Luego añade: «La segunda forma psíquica esencial, que sigue al impulso afectivo extático en el orden gradual y objetivo de la vida, es el instinto; palabra de sentido e interpretación muy oscuros y discutidos.7» Y a partir de aquí introduce la memoria asociativa, como tercera forma psíquica esencial, que da lugar al pensamiento reproductivo; en contraste con el pensamiento productivo (capaz de prospección, elección con sentido objetivo, etc.) de la cuarta forma que es la inteligencia práctica. No pretendemos que esto sea un esquema definitivo de las formas del impulso y de su gradación con solución de continuidad, sino una ejemplo ilustrativo de las posibilidades de comprensión del impulso, entendiendo éste, a su vez, como manifestación del movimiento material a partir de cierto grado de complejidad —desplegada en cadenas recursivas de reflexiones.

Para concluir, una breve aclaración sobre el concepto de movimiento material empleado en este texto. Externamente, en el plano de las partes dadas una fuera de la otra —manifiestas o demultiplexadas—, movimiento material se refiere al cambio de configuración de un sistema material mientras tiene lugar de forma continua. Internamente, a modo de intuición hipotética, podemos imaginarnos algo similar a una multiplexación y demultiplexación holográfica n-dimensional, una suerte de memoria activa envolvente.

1. Sin menoscabo de conductas acotadas a un estadio del desarrollo del espécimen, ni de la posibilidad de extinción de conductas instintivas por falta de estimulación ambiental.

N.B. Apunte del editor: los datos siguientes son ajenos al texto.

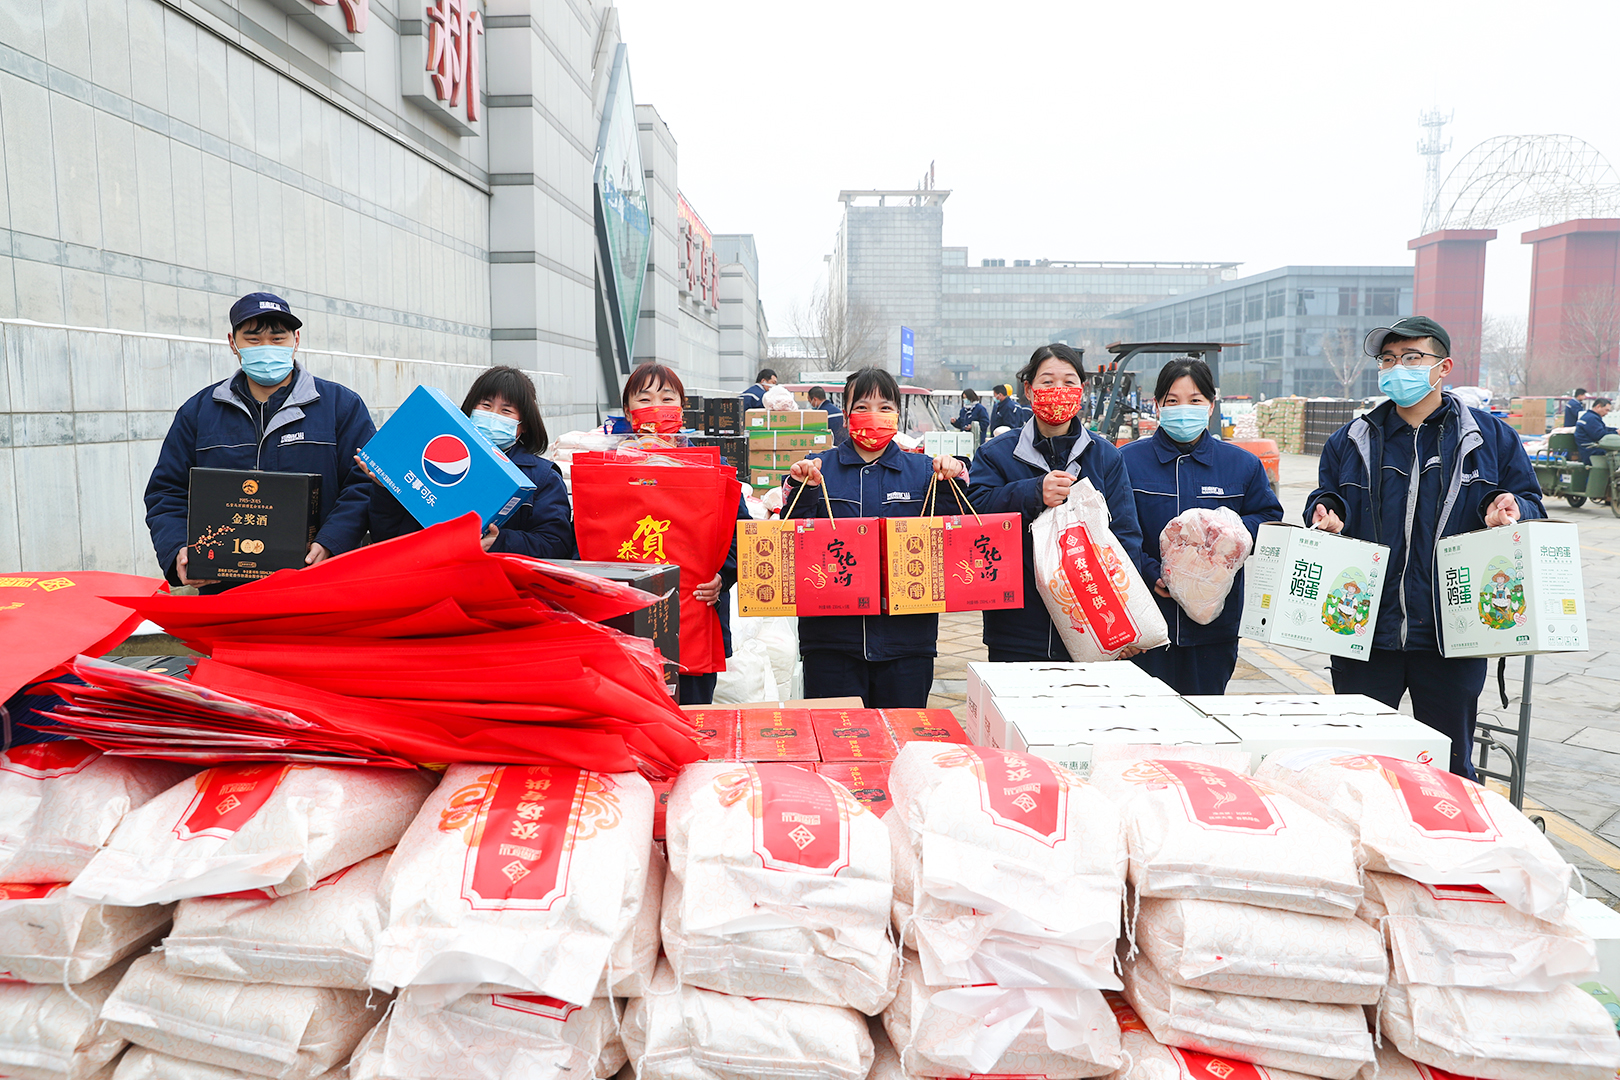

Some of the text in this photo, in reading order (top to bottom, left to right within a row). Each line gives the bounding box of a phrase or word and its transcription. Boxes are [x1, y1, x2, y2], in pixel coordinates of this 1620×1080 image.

[404, 470, 438, 507] 百事可乐
[232, 512, 268, 526] 金奖酒
[758, 540, 773, 600] 风味醋
[828, 538, 857, 586] 宁化府
[908, 538, 923, 598] 风味醋
[974, 534, 1002, 582] 宁化府
[1074, 557, 1106, 610] 农场专供
[510, 778, 552, 840] 农场专供
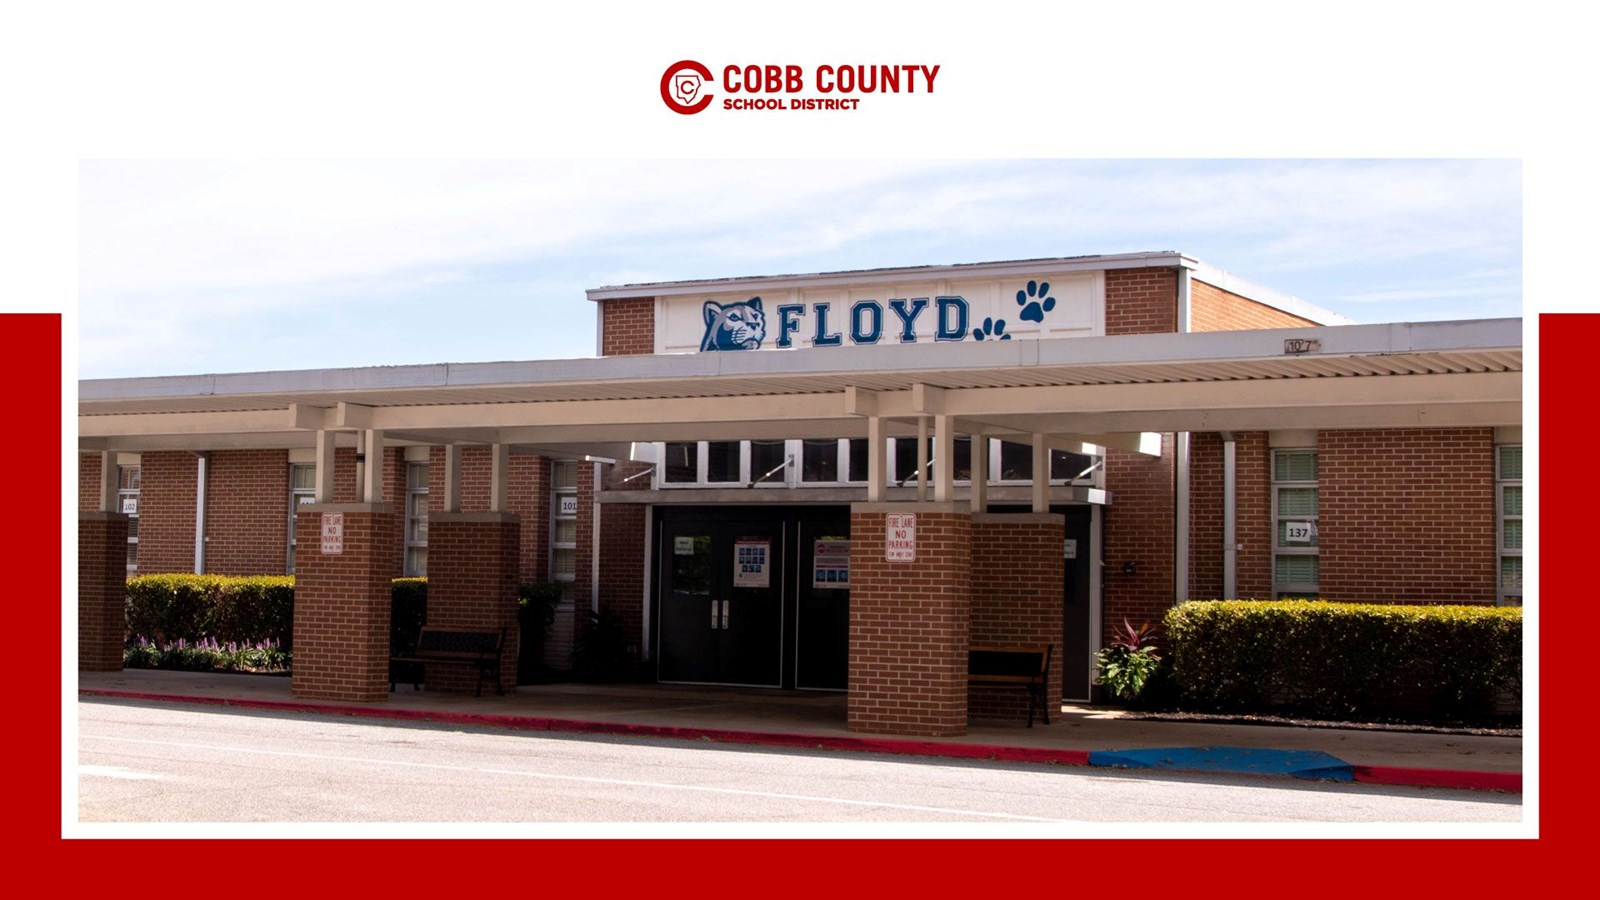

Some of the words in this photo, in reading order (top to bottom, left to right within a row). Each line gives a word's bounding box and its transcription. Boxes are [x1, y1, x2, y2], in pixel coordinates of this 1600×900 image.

[775, 295, 970, 349] FLOYD
[563, 501, 576, 510] 101
[323, 516, 332, 525] FIRE
[333, 516, 342, 525] LANE
[889, 517, 899, 528] FIRE
[901, 517, 913, 528] LANE
[328, 526, 336, 535] NO
[895, 530, 906, 539] NO
[1289, 528, 1308, 538] 137
[322, 535, 342, 543] PARKING
[888, 540, 913, 549] PARKING

2. No obstante, hay instintos que necesitan de determinados estímulos durante alguna fase del desarrollo del individuo para activarse.
3. El significado no estaría en conexión directa con un objeto sino que sería un efecto estructural de las relaciones entre significantes. No sabemos si en la consciencia de un loro, que también es un animal parlante, se producirá el significado; aunque suponemos que no, porque no se da ese proceso recursivo de remisión entre significantes.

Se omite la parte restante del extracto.